La impugnación de la posición contraria debe ser la principal fuerza motriz que dirija la construcción de todo argumento. De esta forma tendremos siempre presente que no podemos terminar nuestro argumento hasta no haber refutado todos los contraargumentos.
Desafortunadamente, el criterio de impugnación es de los más violados en todo proceso de discusión, por varias razones. Porque no se nos ocurran respuestas efectivas a las objeciones y por ello prefiramos no mencionarlas; porque no queramos considerar argumentaciones contrarias a la nuestra para no debilitarnos a los ojos del oponente; o porque estemos tan convencidos de nuestra posición que ni siquiera creamos que puede haber otra distinta.
Sean cuales sean las razones, un argumento que no contemple posibles objeciones no puede ser un buen argumento, ya que para convencernos de algo tenemos que analizar primero todas las evidencias, incluídas las que parezcan apoyar posiciones contrarias.
Hay varias tácticas que se suelen utilizar para soslayar la responsabilidad de refutar al contrario. Por ejemplo: distorsionar su posición o sus críticas, o sacar a relucir objeciones triviales, o mezclar un asunto colateral, o recurrir al humor o a la ridiculización. También, ignorando o negando las contraevidencias y, finalmente, la más utilizada, atacando al crítico en lugar de a su crítica.
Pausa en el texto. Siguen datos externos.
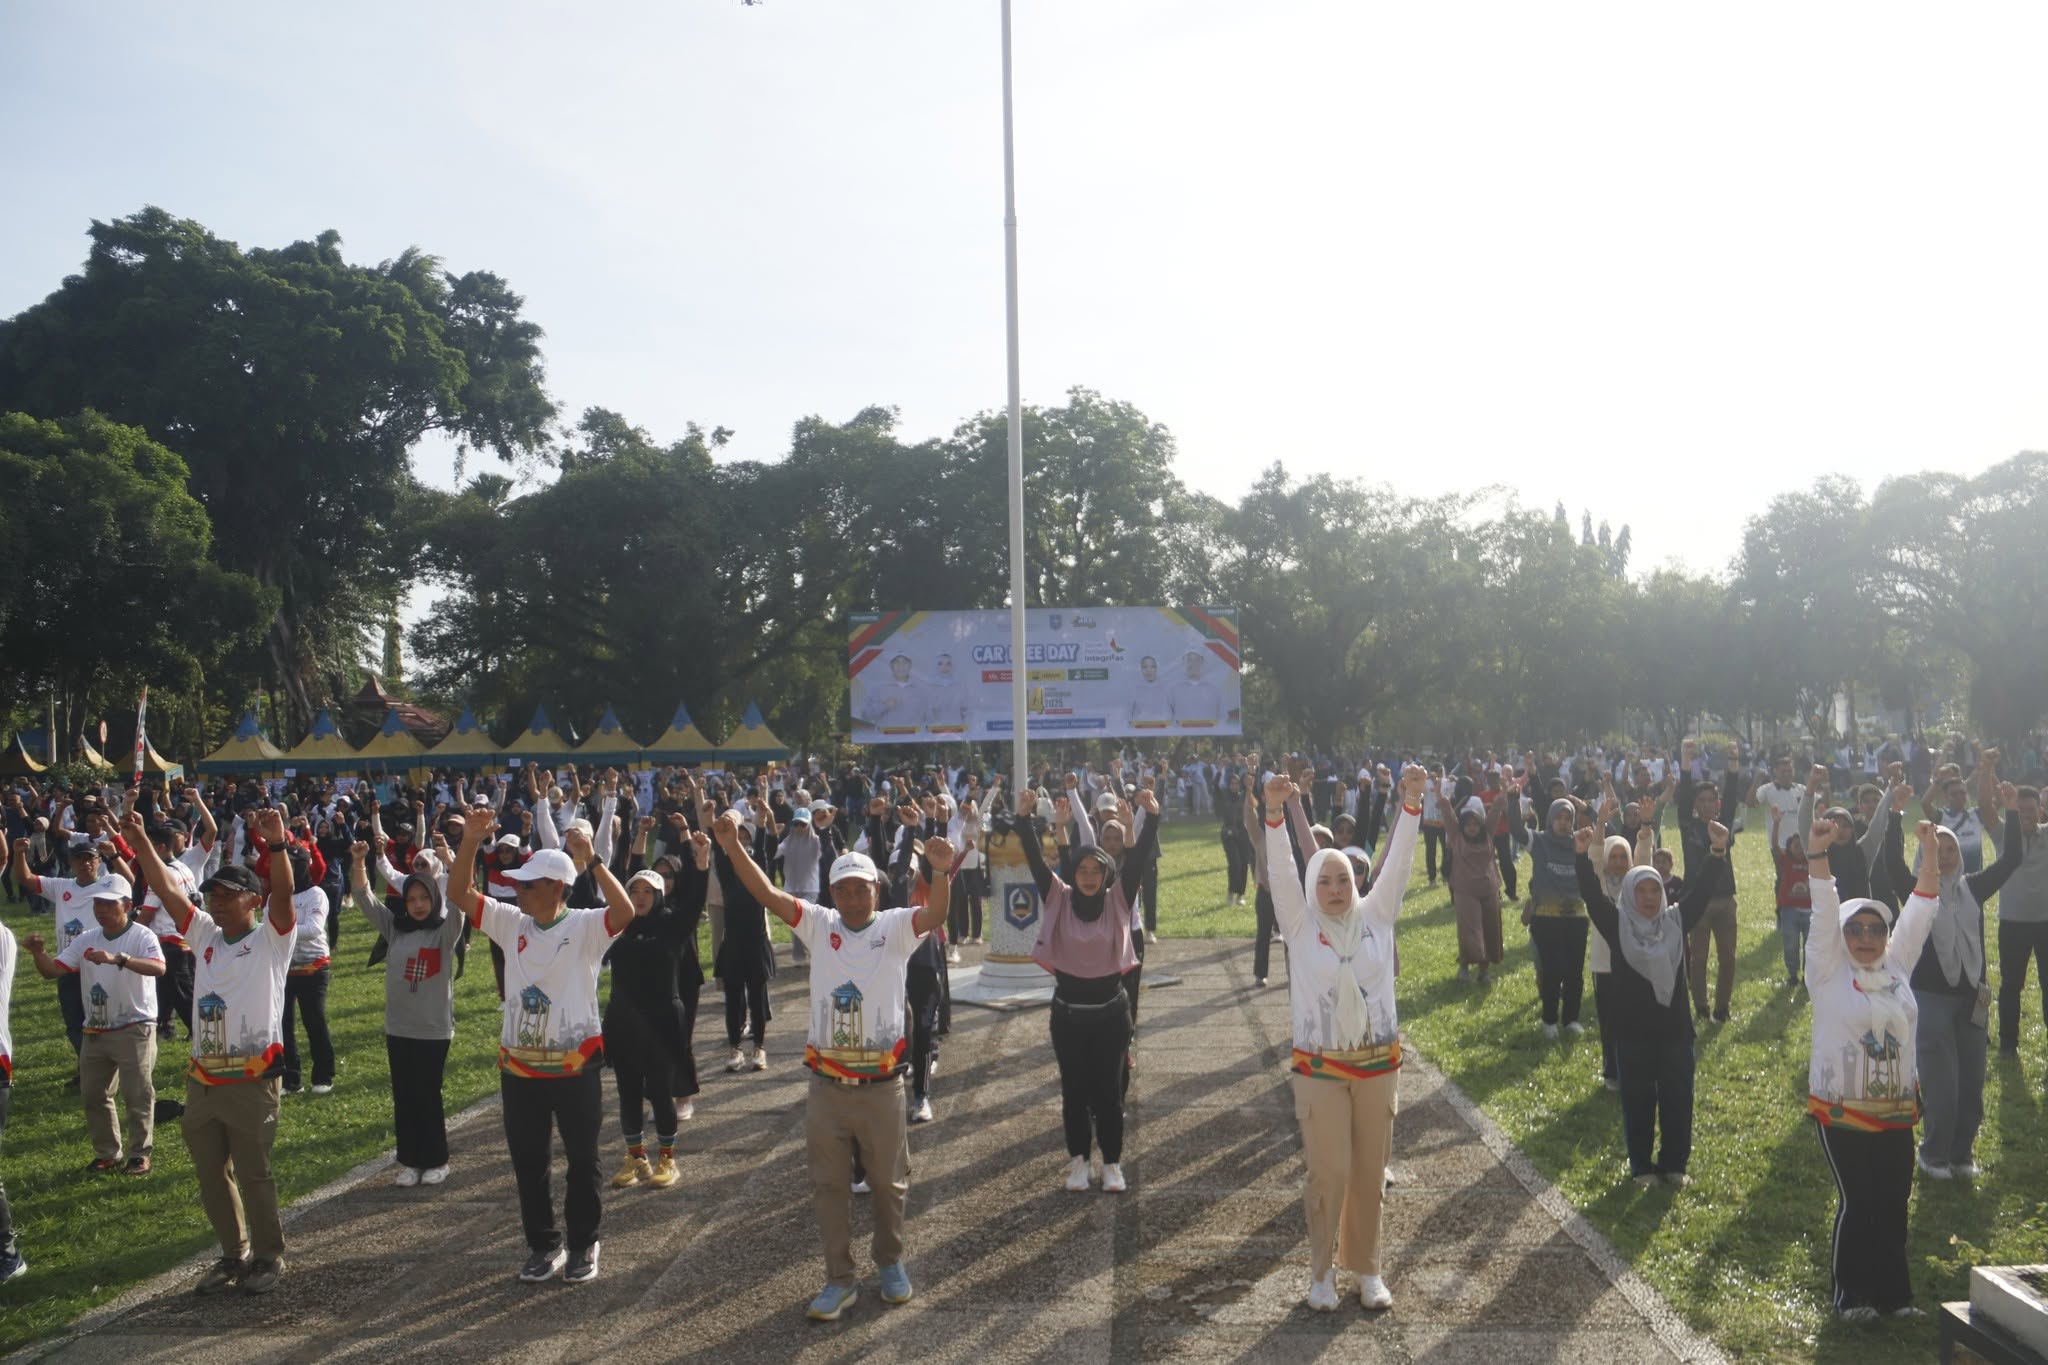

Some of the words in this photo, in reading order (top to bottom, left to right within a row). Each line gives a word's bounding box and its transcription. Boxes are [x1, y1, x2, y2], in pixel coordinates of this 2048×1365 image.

[973, 645, 1005, 663] CAR
[1007, 644, 1044, 662] EE
[1047, 643, 1079, 662] DAY
Todo ello no son más que formas de eludir la responsabilidad de responder honestamente a nuestros oponentes.
Para valorar el cumplimiento de este principio, podemos plantearnos varias preguntas:
- ¿Cuáles son los argumentos más sólidos en contra de la posición que defendemos?
- ¿Rebatimos eficazmente estos argumentos en el nuestro?
- ¿Qué objeciones serias a nuestro argumento pueden plantearse?
- ¿Respodemos a estas objeciones en nuestro argumento?
- ¿Demostramos por qué los argumentos de la posición contraria son deficientes?
y lo mismo podemos preguntarnos del argumento del contrincante.